Dr. James Miranda Stuart Barry was born in Cork, Ireland in 1789 as Margaret Ann Bulkley. In a time where very few career paths were open to women, Barry devised a plan to get into medicine. Dressing as a man and taking on the name of her uncle, she attended the University of Edinburgh Medical School and graduated in 1812. She told them she was much younger than she truly was as a way to explain her small frame and hairless face.

As a teenager, Barry was educated as a governess but, when no employment could be found, she and her sister, along with some of her uncle’s influential and more liberal-minded friends, schemed to get her into medicine. On the 30th of November, 1809, she became James Barry (named after her uncle) and lived as a man until her death 56 years later.

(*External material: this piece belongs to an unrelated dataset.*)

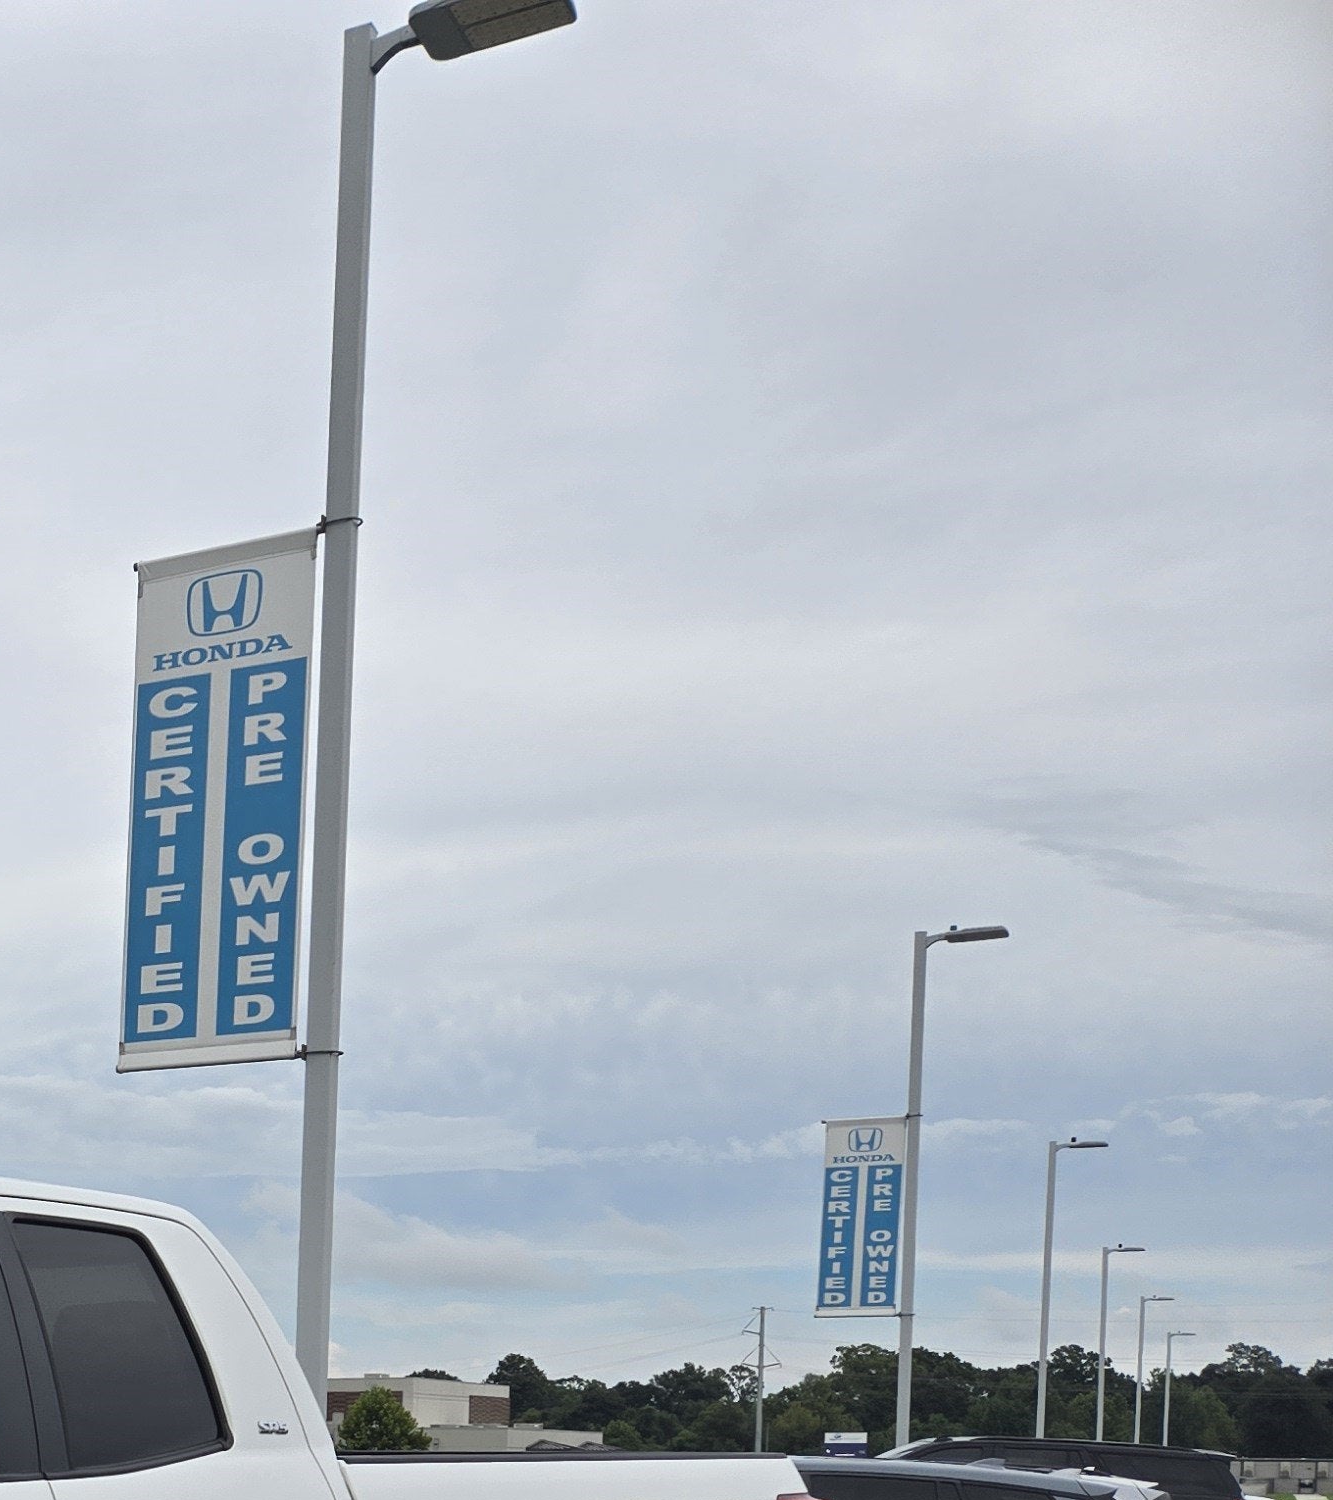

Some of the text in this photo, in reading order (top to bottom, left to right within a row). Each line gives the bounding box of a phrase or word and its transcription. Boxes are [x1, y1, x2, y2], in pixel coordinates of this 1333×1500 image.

Six months after graduating from the University of Edinburgh, she joined the British army as a surgeon, where she served for many years. She first served in Cape Town, South Africa, however, her military career encompassed many parts of the British Empire. Throughout her career, she reorganized the way medical care was given, creating a stronger emphasis on public health, hygiene standards and diet. Her methods of nursing were validated when she was in Crimea, and the wounded soldiers in her care had the highest recovery rate of the whole war, which lasted from 1853-1856. Dr. Barry is also reported to have performed one of the first successful caesarean sections in which both the child and mother survived.

In 1857, Barry was posted to Canada as inspector general of military hospitals, the army’s senior doctor in Canada. This was a rather lofty position for any person to obtain, and especially impressive considering the difficulty she had earlier in her career when many considered her no more than a boy and tried to prevent her from taking her final exams in medical school. She was very fortunate to have friends in high places, some of whom knew her true gender, to help her succeed.

During her time in Canada, she was still believed to be a man, albeit a fairly odd one. Her stature was small and slim and she was beardless. She enjoyed driving around Montreal in a bright red sleigh with her dog, Psyche, and a manservant. Despite her many eccentricities, she was appreciated by the soldiers, as she fought for better conditions in hospital and better food for the troops.

She eventually had to return to England due to an illness and died there in 1865. It was only when her body was laid out for burial that the world learned of her deception.